## DATA RECORDS
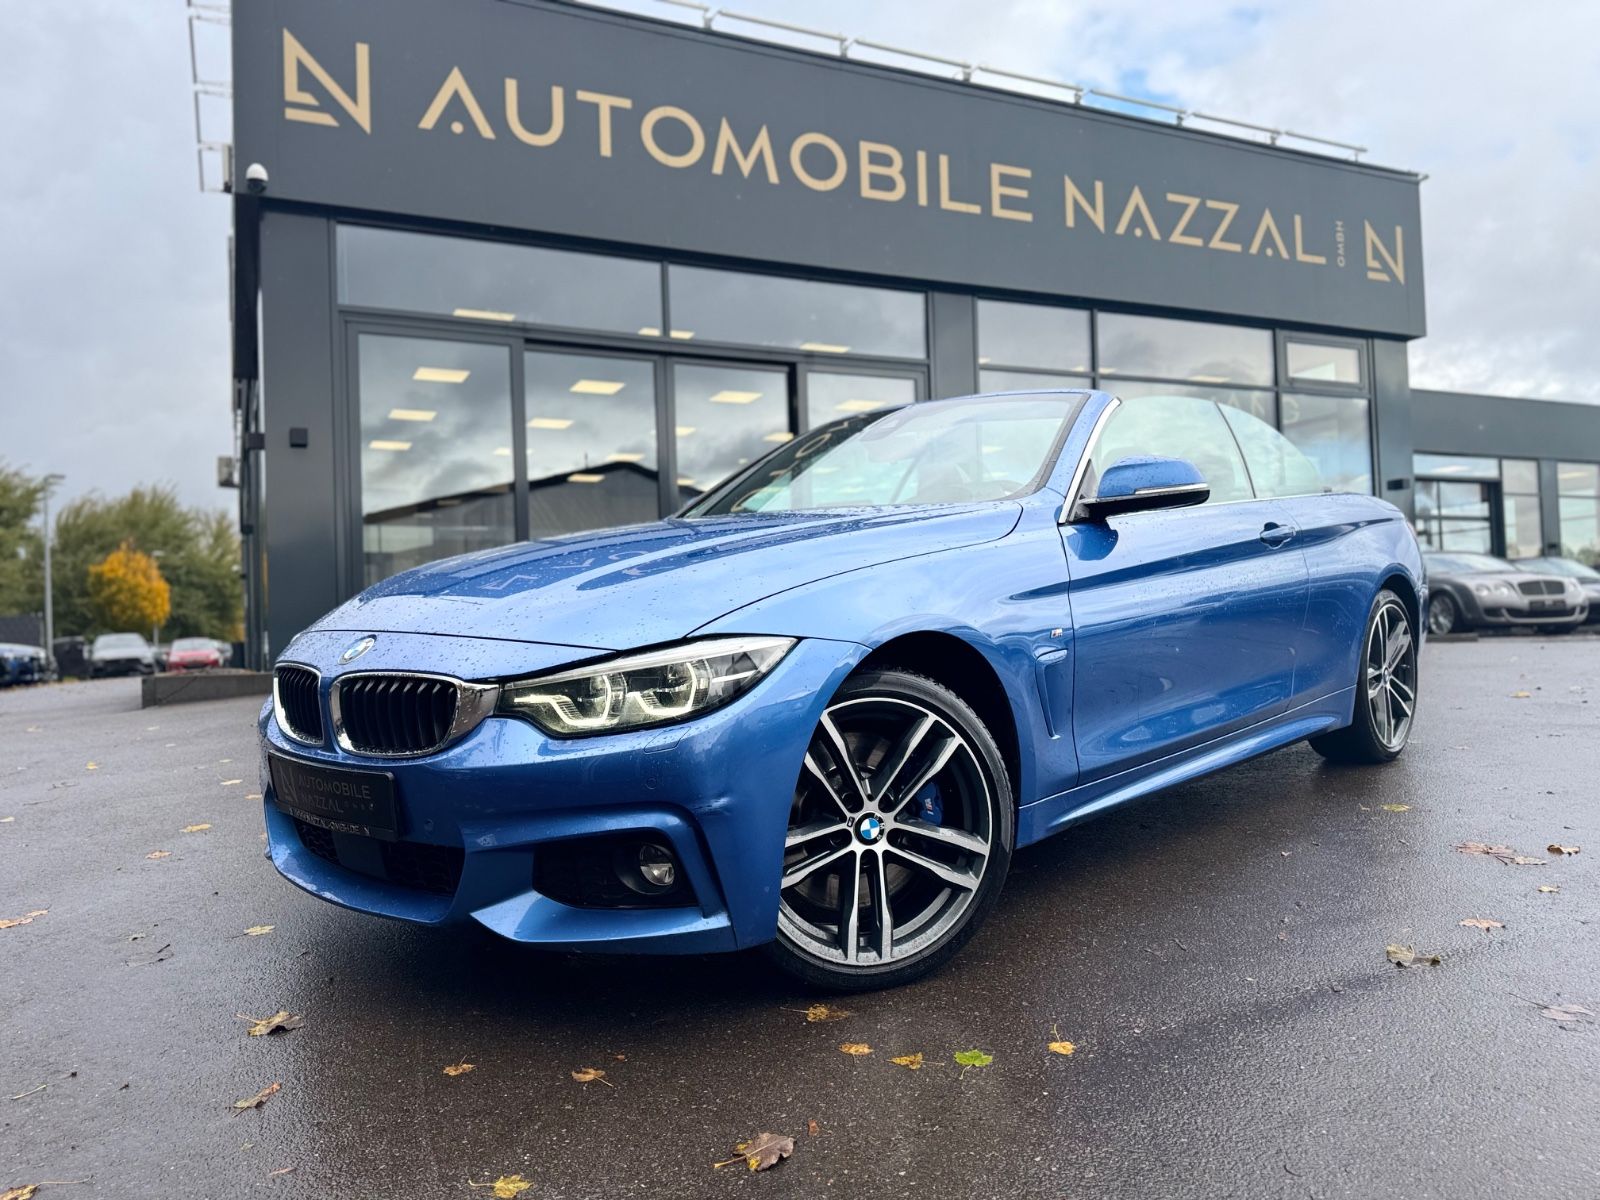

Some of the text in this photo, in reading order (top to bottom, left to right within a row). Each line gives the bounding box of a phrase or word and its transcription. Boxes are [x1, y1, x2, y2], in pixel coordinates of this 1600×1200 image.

[418, 66, 1034, 222] AUTOMOBILE
[1064, 174, 1327, 264] NAZZAL
[298, 773, 372, 800] AUTOMOBILE
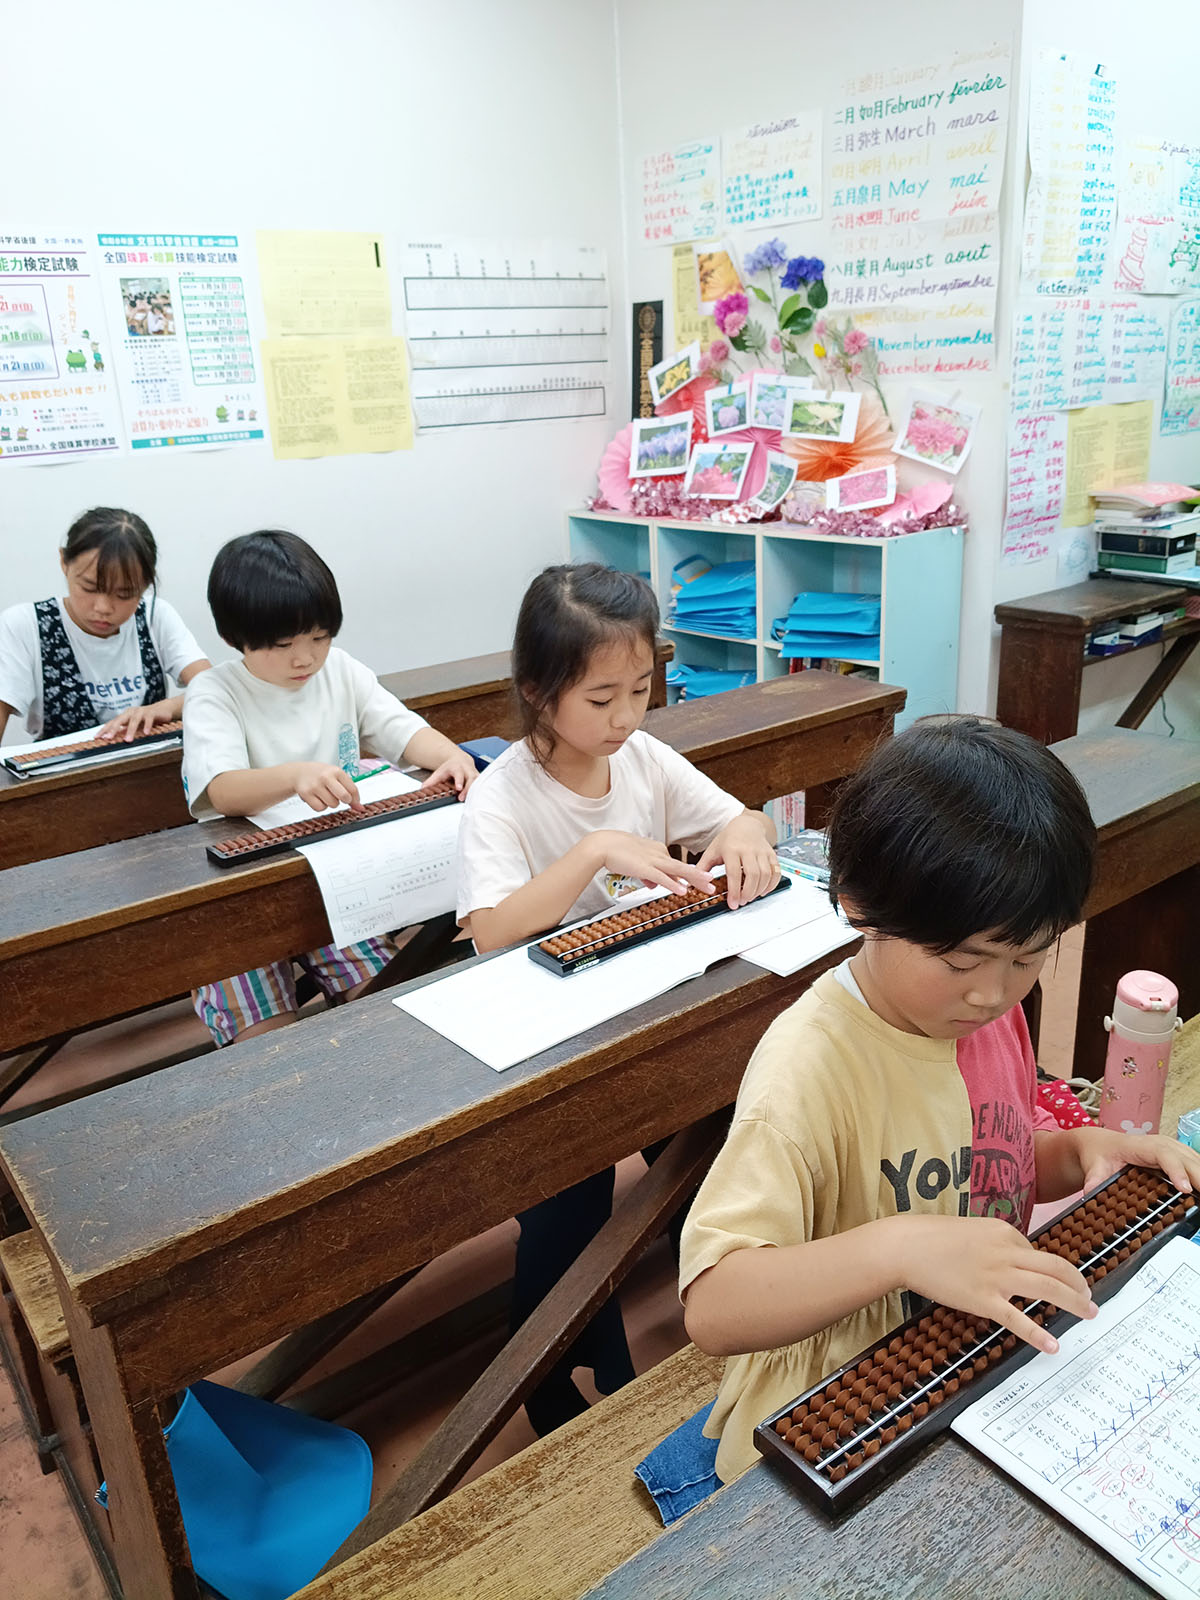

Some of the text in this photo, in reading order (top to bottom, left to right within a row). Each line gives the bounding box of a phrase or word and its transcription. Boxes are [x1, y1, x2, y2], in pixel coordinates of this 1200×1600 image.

[885, 90, 944, 116] February
[884, 116, 935, 144] March
[889, 178, 929, 199] May
[950, 163, 990, 188] mai
[882, 254, 934, 277] August
[1036, 280, 1067, 294] dictée

## REQUIRED WORK
Set down exactly, and only, the lines from the one containing "this 1200×1600 image." through the final line of the entries above.

## SOLUTION FOR THIS PROBLEM
Some of the text in this photo, in reading order (top to bottom, left to right within a row). Each line gives the bounding box of a phrase or word and its transcription. Boxes are [x1, y1, x2, y2], in pixel coordinates of this 1200×1600 image.

[885, 90, 944, 116] February
[884, 116, 935, 144] March
[889, 178, 929, 199] May
[950, 163, 990, 188] mai
[882, 254, 934, 277] August
[1036, 280, 1067, 294] dictée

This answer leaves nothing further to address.